Beroep tegen dwangsom na beschikking asielaanvraag

In deze zaak heeft eiser op 25 maart 2020 beroep ingesteld tegen het uitblijven van een besluit op zijn aanvraag van 23 juli 2019 voor een verblijfsvergunning asiel voor bepaalde tijd. De Staatssecretaris van Justitie en Veiligheid heeft op 5 juni 2020 de verbeurde wettelijke dwangsom vastgesteld en tegelijkertijd aan eiser een verblijfsvergunning verleend. Eiser heeft op 15 juli 2020 laten weten het beroep te willen handhaven.

De rechtbank heeft besloten partijen niet uit te nodigen voor een zitting, omdat dit in deze zaak niet nodig is.
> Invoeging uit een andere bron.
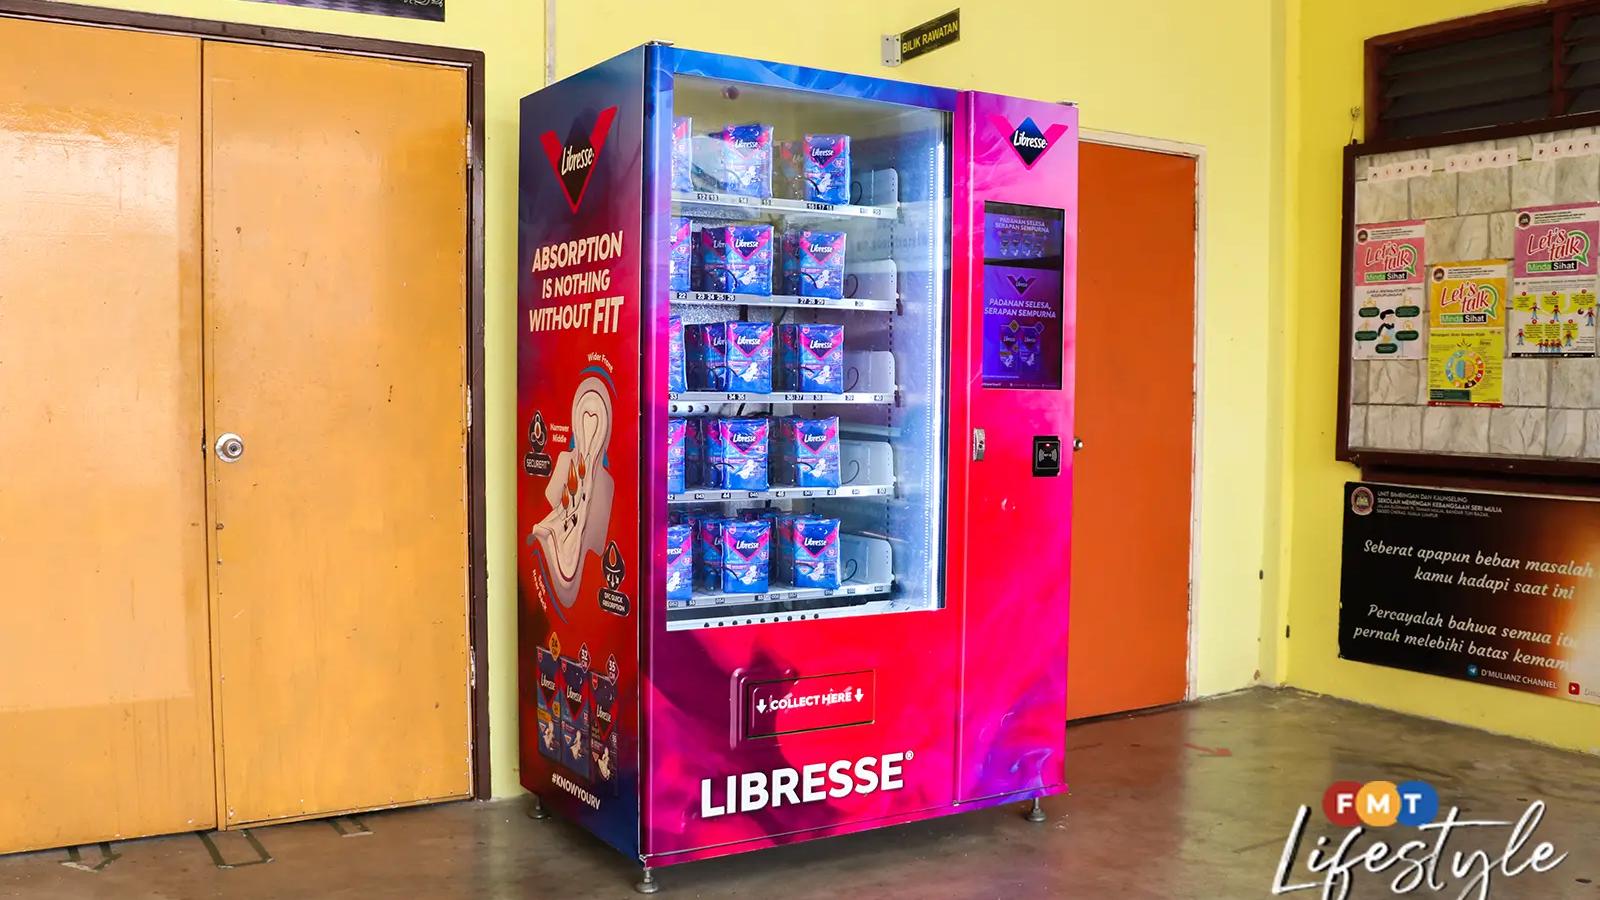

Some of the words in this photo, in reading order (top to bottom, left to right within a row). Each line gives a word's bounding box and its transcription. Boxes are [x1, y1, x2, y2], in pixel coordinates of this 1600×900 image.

[902, 36, 921, 54] BILIK
[922, 20, 959, 46] RAWATAN
[1013, 130, 1046, 149] Libresse
[561, 145, 594, 176] Libresse
[811, 149, 835, 158] Libresse
[532, 230, 623, 273] ABSORPTION
[735, 239, 759, 249] Libresse
[810, 243, 834, 253] Libresse
[1527, 228, 1567, 255] Let's
[1549, 235, 1581, 261] talk
[1365, 242, 1397, 266] Let's
[1384, 248, 1410, 272] talk
[1553, 261, 1575, 270] Sihat
[542, 278, 553, 299] IS
[554, 269, 611, 298] NOTHING
[1386, 272, 1406, 280] Sihat
[989, 298, 1024, 308] PADANAN
[1025, 301, 1051, 310] SELESA,
[1440, 281, 1478, 307] Let's
[1461, 289, 1490, 314] talk
[529, 303, 592, 332] WITHOUT
[593, 296, 625, 334] FIT
[984, 307, 1017, 317] SERAPAN
[1018, 309, 1056, 319] SEMPURNA
[1464, 313, 1485, 322] Sihat
[737, 335, 761, 345] Libresse
[809, 339, 832, 349] Libresse
[732, 433, 756, 443] Libresse
[804, 433, 827, 443] Libresse
[1401, 499, 1432, 508] MENENGAH
[1432, 502, 1470, 510] KEBANGSAAN
[736, 541, 759, 550] Libresse
[804, 538, 827, 547] Libresse
[1364, 539, 1413, 557] Seberat
[1417, 548, 1470, 564] apapun
[1475, 550, 1520, 569] beban
[1524, 560, 1594, 578] masalah
[1414, 566, 1453, 584] kamu
[1457, 571, 1510, 593] hadapi
[1514, 580, 1548, 596] saat
[1552, 584, 1575, 600] ini
[1367, 604, 1443, 628] Percayalah
[1448, 615, 1497, 636] bahwa
[1501, 628, 1551, 645] semua
[1353, 626, 1400, 642] pernah
[1404, 633, 1463, 653] melebihi
[1467, 641, 1509, 660] batas
[1481, 669, 1521, 683] D'MULIANZ
[1522, 675, 1558, 689] CHANNEL
[770, 695, 820, 711] COLLECT
[822, 691, 852, 705] HERE
[551, 773, 601, 810] #KNOWYOURV
De rechtbank overweegt dat het niet tijdig nemen van een besluit gelijkgesteld kan worden met een besluit, waardoor beroep mogelijk is. De rechtbank constateert dat eiser geen belang meer heeft bij het beoordelen van het niet tijdig nemen van een besluit, omdat zijn aanvraag inmiddels is ingewilligd. Het beroep is in zoverre niet-ontvankelijk, maar de rechtbank beoordeelt wel de hoogte van de bestuurlijke dwangsom.
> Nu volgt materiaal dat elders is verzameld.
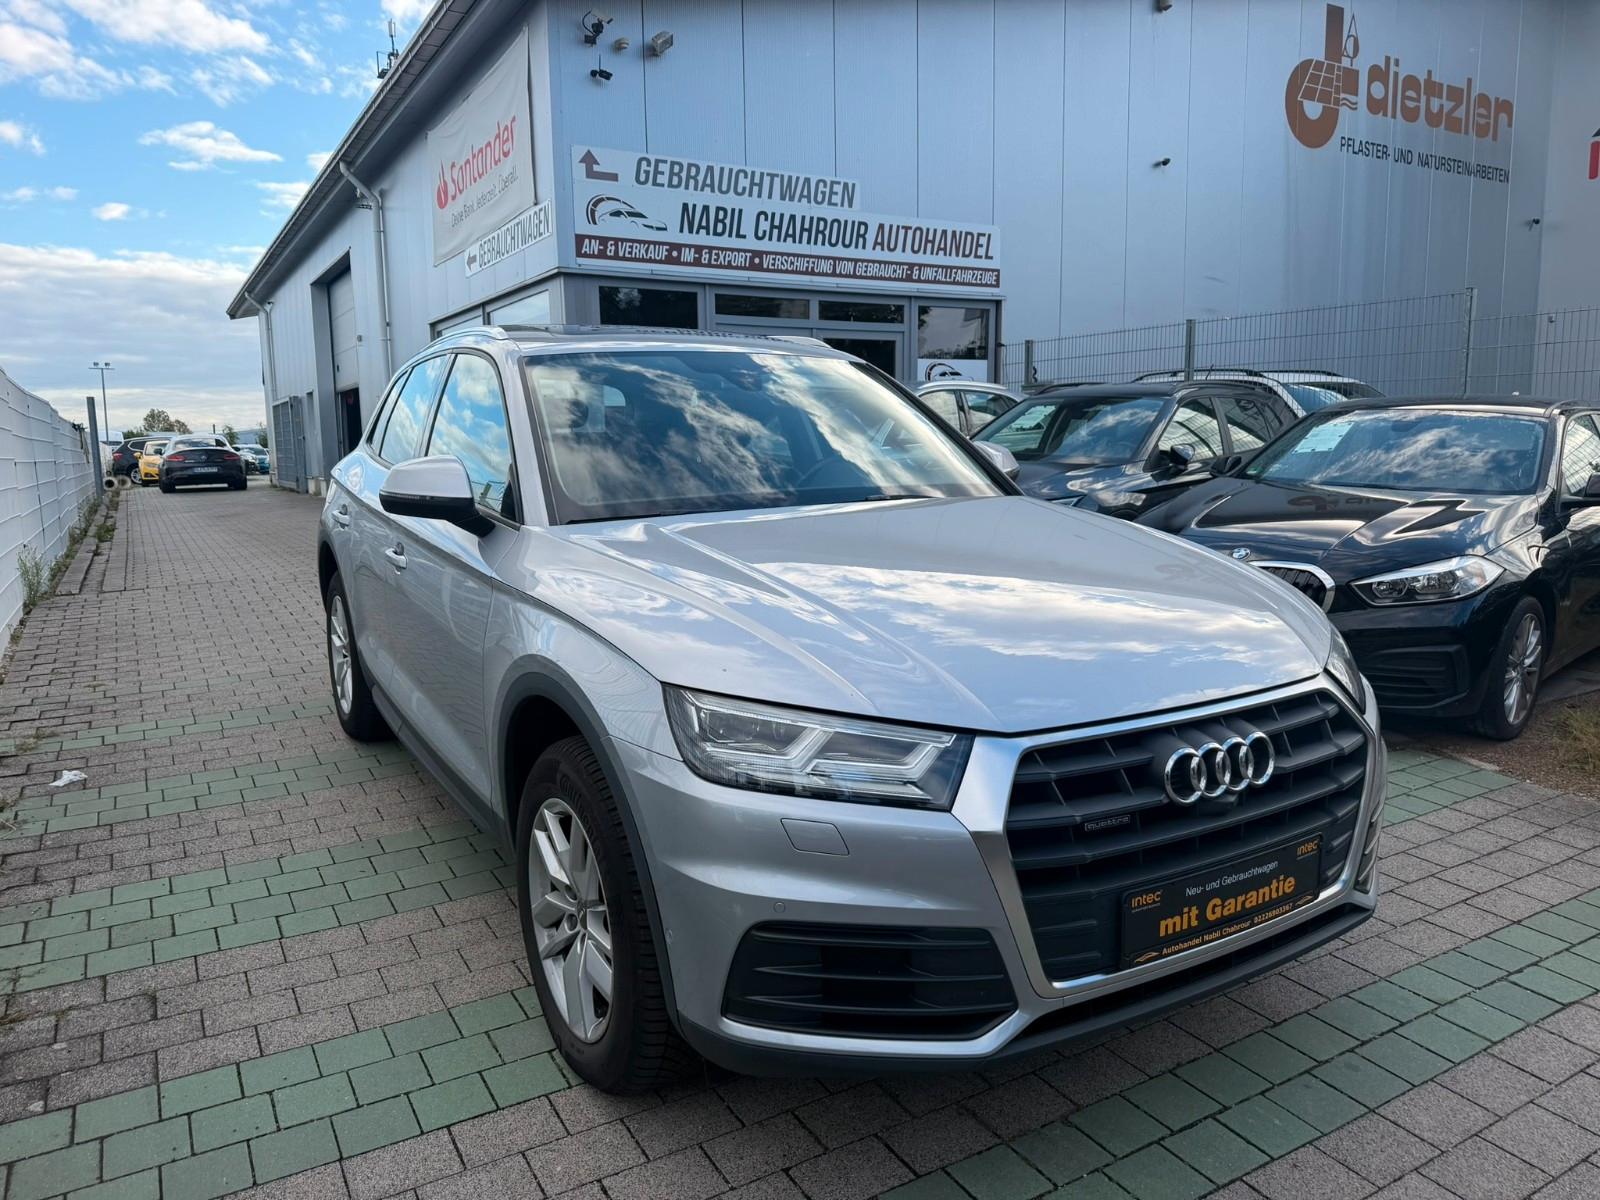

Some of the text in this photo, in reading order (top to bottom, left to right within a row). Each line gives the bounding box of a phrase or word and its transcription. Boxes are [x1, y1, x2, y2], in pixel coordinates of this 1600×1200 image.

De rechtbank oordeelt dat de coronacrisis niet heeft geleid tot een onmogelijkheid voor verweerder om tijdig te beslissen. Eiser heeft verweerder rechtsgeldig in gebreke gesteld, en de rechtbank concludeert dat verweerder € 532,- aan eiser moet betalen. De rechtbank verklaart het beroep tegen het niet tijdig nemen van een besluit niet-ontvankelijk, maar het beroep tegen het bestreden besluit gegrond, vernietigt het bestreden besluit en stelt de dwangsom vast op € 532,-. Verweerder wordt ook veroordeeld in de proceskosten van eiser tot een bedrag van € 262,50.

Uitspraak

RECHTBANK DEN HAAG

Zittingsplaats Utrecht Bestuursrecht zaaknummer: NL20.7508
uitspraak van de enkelvoudige kamer in de zaak tussen

[eiser] , eiser V-nummer: [V-nummer]

(gemachtigde: mr. M.A. Krikke), en
de Staatssecretaris van Justitie en Veiligheid, verweerder (gemachtigde: T. Kleve).

Procesverloop

Eiser heeft op 25 maart 2020 beroep ingesteld tegen het uitblijven van een besluit op zijn aanvraag van 23 juli 2019 tot het verlenen van een verblijfsvergunning asiel voor bepaalde tijd.
Bij besluit van 5 juni 2020 heeft verweerder de verbeurde wettelijke dwangsom vastgesteld (het bestreden besluit) en in een apart besluit van dezelfde datum aan eiser een verblijfsvergunning verleend.
Bij brief van 15 juli 2020 heeft eiser laten weten het beroep te willen handhaven.

Overwegingen

De rechtbank nodigt partijen niet uit voor een zitting, omdat dat in deze zaak niet nodig is (artikel 8:54 van de Algemene wet bestuursrecht (Awb)). Hieronder legt de rechtbank dat verder uit.
In artikel 6:2, aanhef en onder b, van de Awb is het niet tijdig nemen van een besluit voor de toepassing van de wettelijke voorschriften over beroep gelijkgesteld met een besluit, zodat daartegen op grond van artikel 8:1 van de Awb beroep kan worden ingesteld. In artikel 6:12, tweede lid, van de Awb is bepaald dat het beroepschrift kan worden ingediend zodra het bestuursorgaan in gebreke is om op tijd een besluit te nemen en twee weken zijn verstreken nadat een schriftelijke ingebrekestelling door het bestuursorgaan is ontvangen.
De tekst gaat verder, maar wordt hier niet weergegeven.